MEDICINA SOCIAL E ASPECTOS TEÓRICOS

Acercar-se aos modelos teóricos que têm sustentado a produção brasileira sobre Determinação/ Determinantes Sociais da Saúde nas décadas de 1990, 2000 e de 2010 a 2014 exigirá que nos ocupemos de diferentes eixos que os atravessam.
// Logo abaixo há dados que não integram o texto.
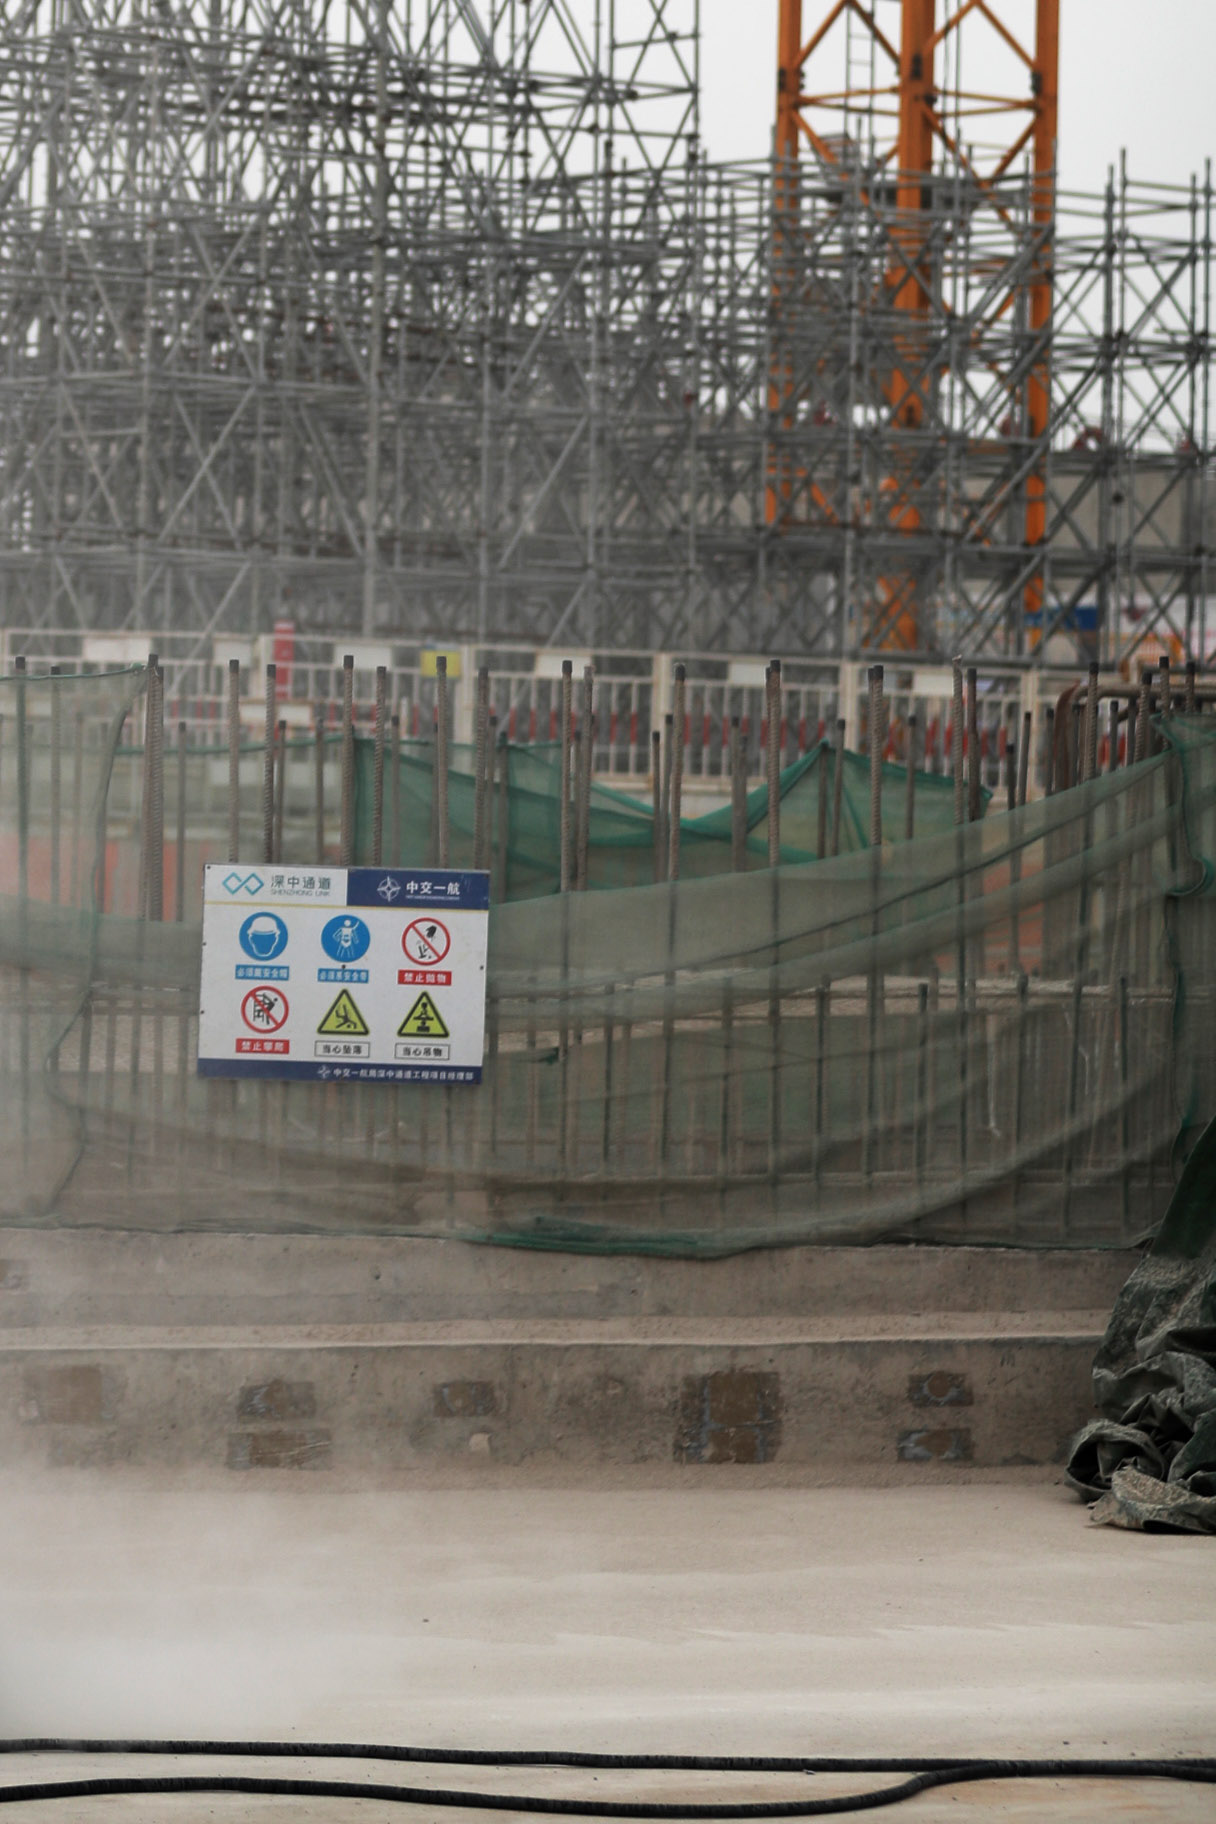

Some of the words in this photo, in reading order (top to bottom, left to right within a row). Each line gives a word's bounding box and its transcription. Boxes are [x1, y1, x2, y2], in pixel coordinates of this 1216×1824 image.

[270, 875, 331, 891] 深中通道
[406, 881, 461, 896] 中交一航
[322, 1044, 362, 1056] 当心坠落
[402, 1046, 443, 1058] 当心吊物
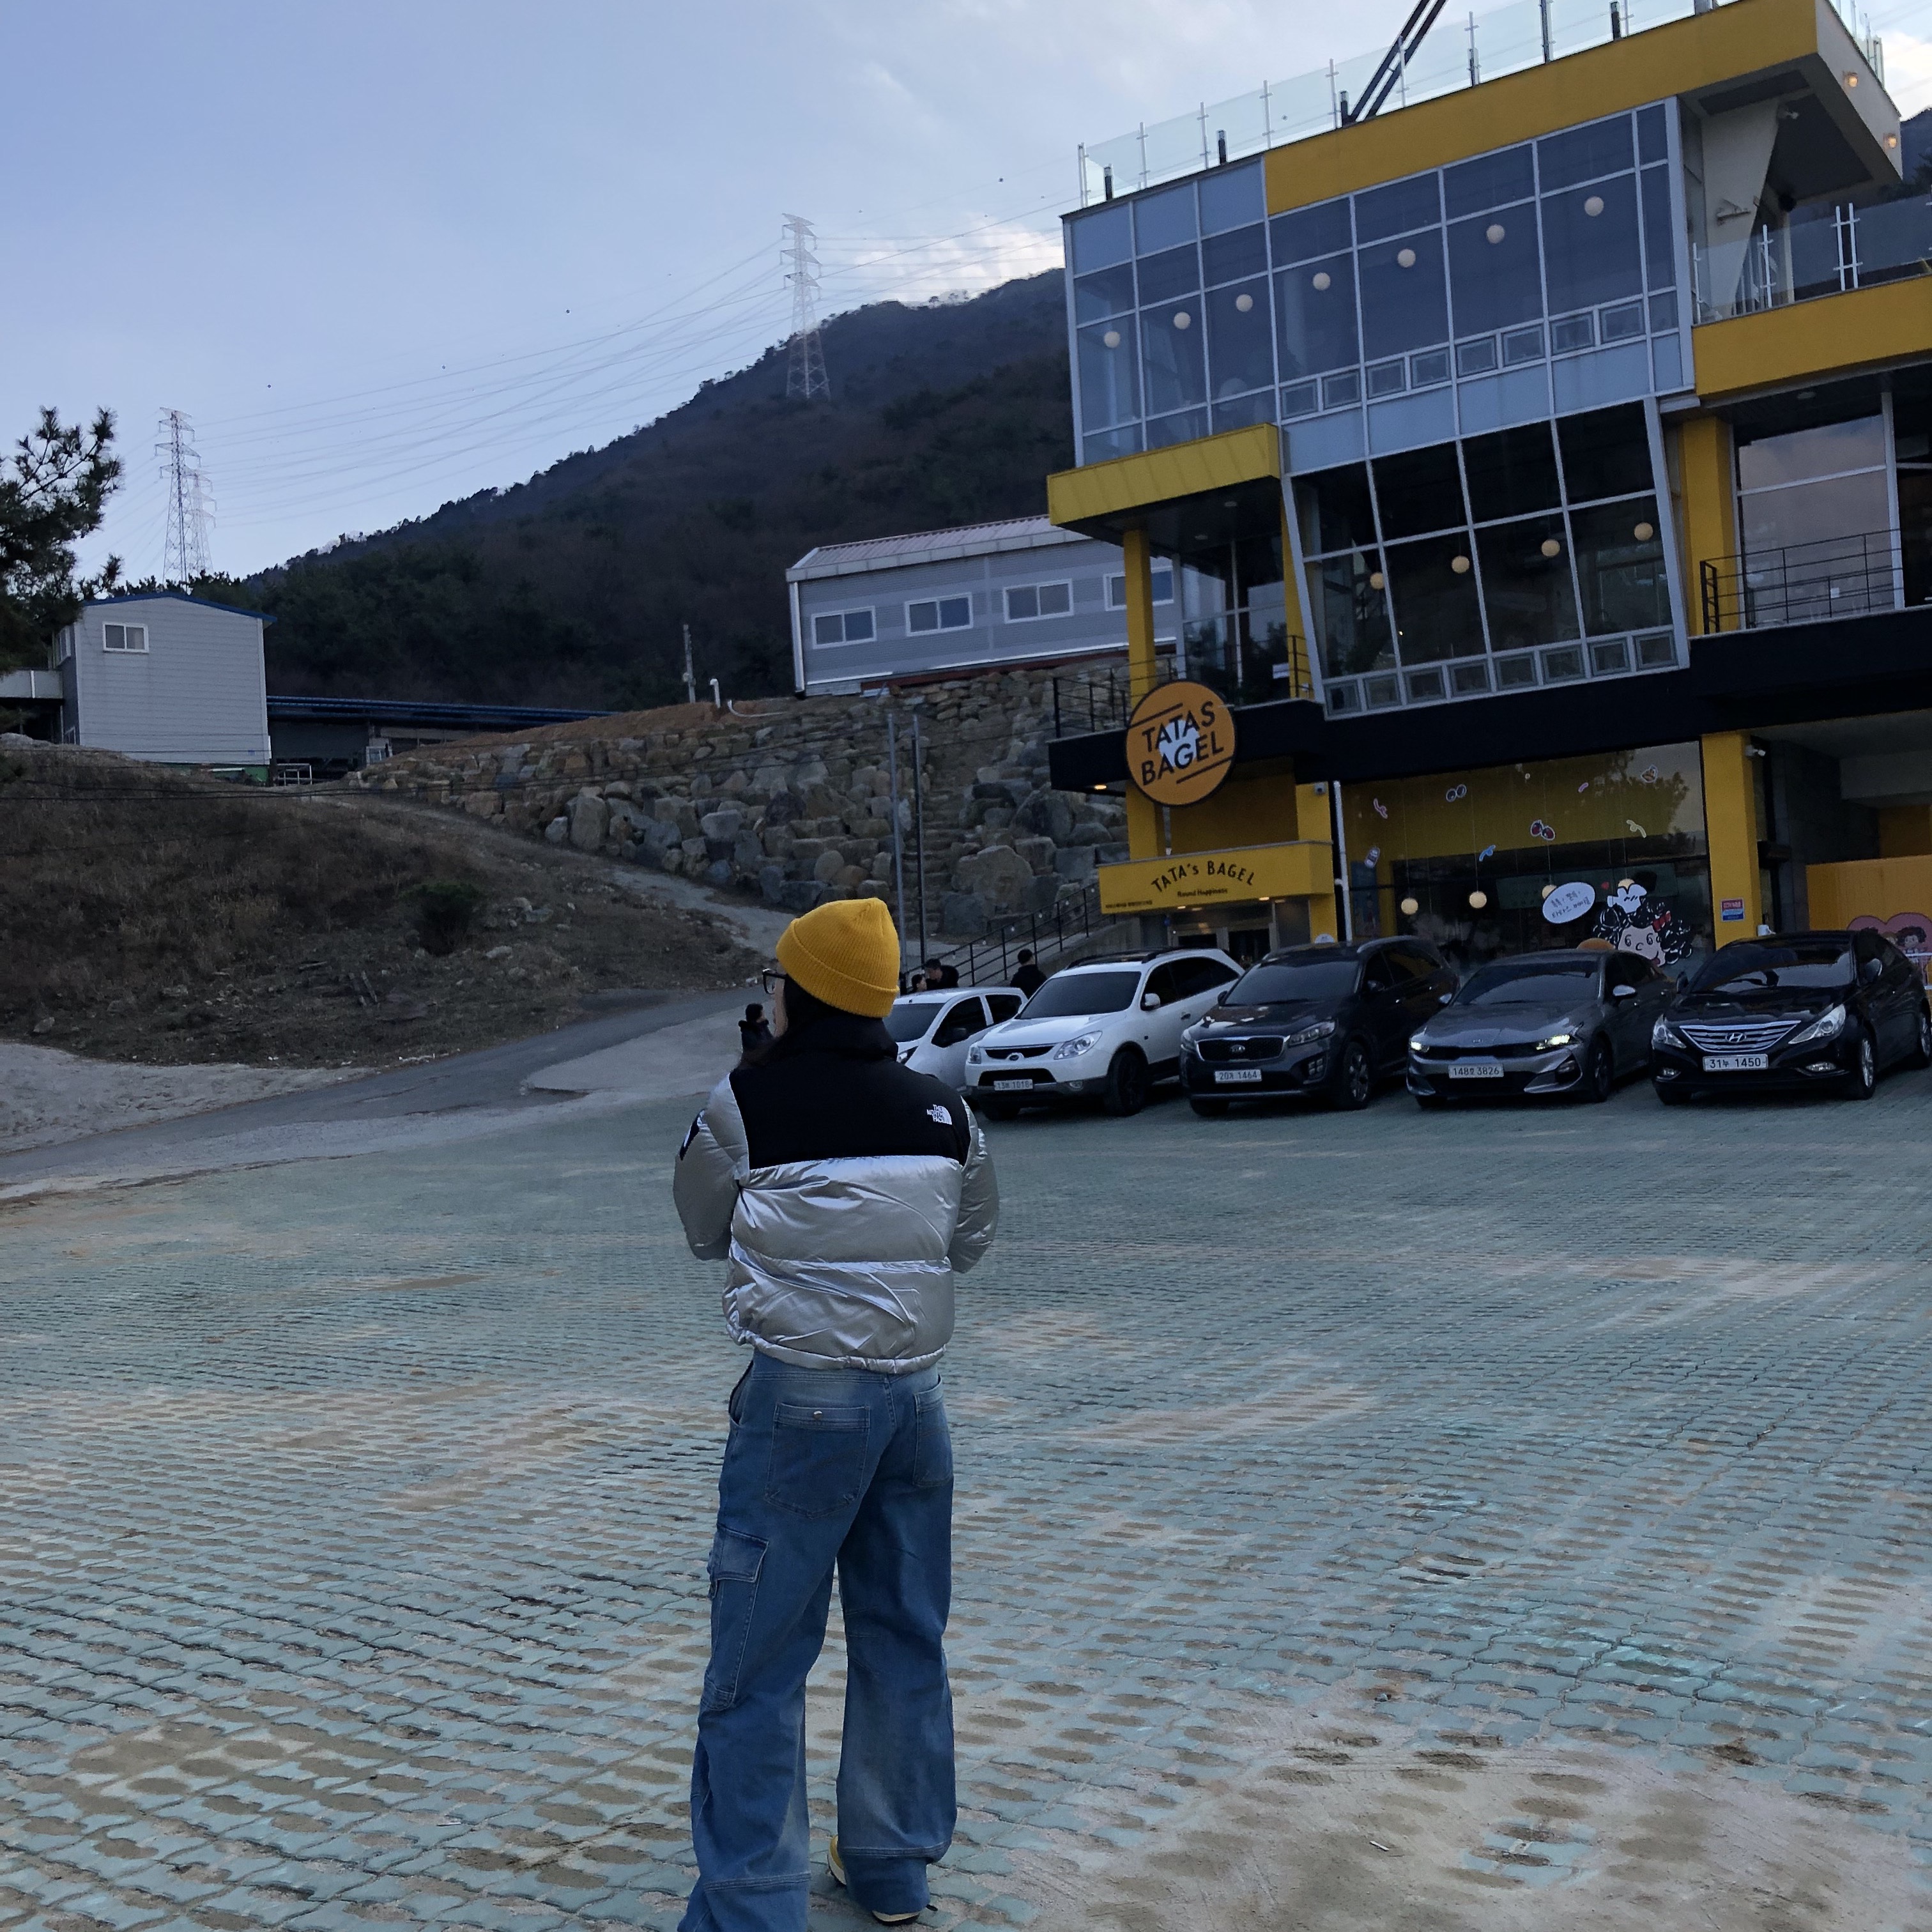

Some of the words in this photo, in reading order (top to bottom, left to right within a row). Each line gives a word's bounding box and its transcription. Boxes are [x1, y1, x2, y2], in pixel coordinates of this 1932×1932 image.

[1142, 700, 1215, 753] TATAS
[1141, 731, 1224, 786] BAGEL
[1207, 859, 1255, 886] BAGEL
[1476, 1066, 1499, 1076] 3826
[1735, 1057, 1761, 1068] 1450
Como exploramos na introdução, a formulação teórica de Determinação/ Determinantes acompanha e reflete a própria construção do campo da Saúde Pública e Saúde Coletiva/ Medicina Social na região, razão pela qual, em um primeiro momento, dispensaremos nossa atenção a esboçar este campo, suas relações de autonomia e heteronomia, suas concepções e projetos em disputa e seus paradigmas científicos. Posteriormente, assinalaremos alguns aspectos que pairam sobre o contexto acadêmico de nosso campo, com maios ênfase para o referencial teórico e a produção científica. Por fim, traremos contribuições de autores que vêm se dedicando à Determinação/ Determinantes Sociais da Saúde, com vistas a delimitar estes modelos teóricos e explorar suas divergências.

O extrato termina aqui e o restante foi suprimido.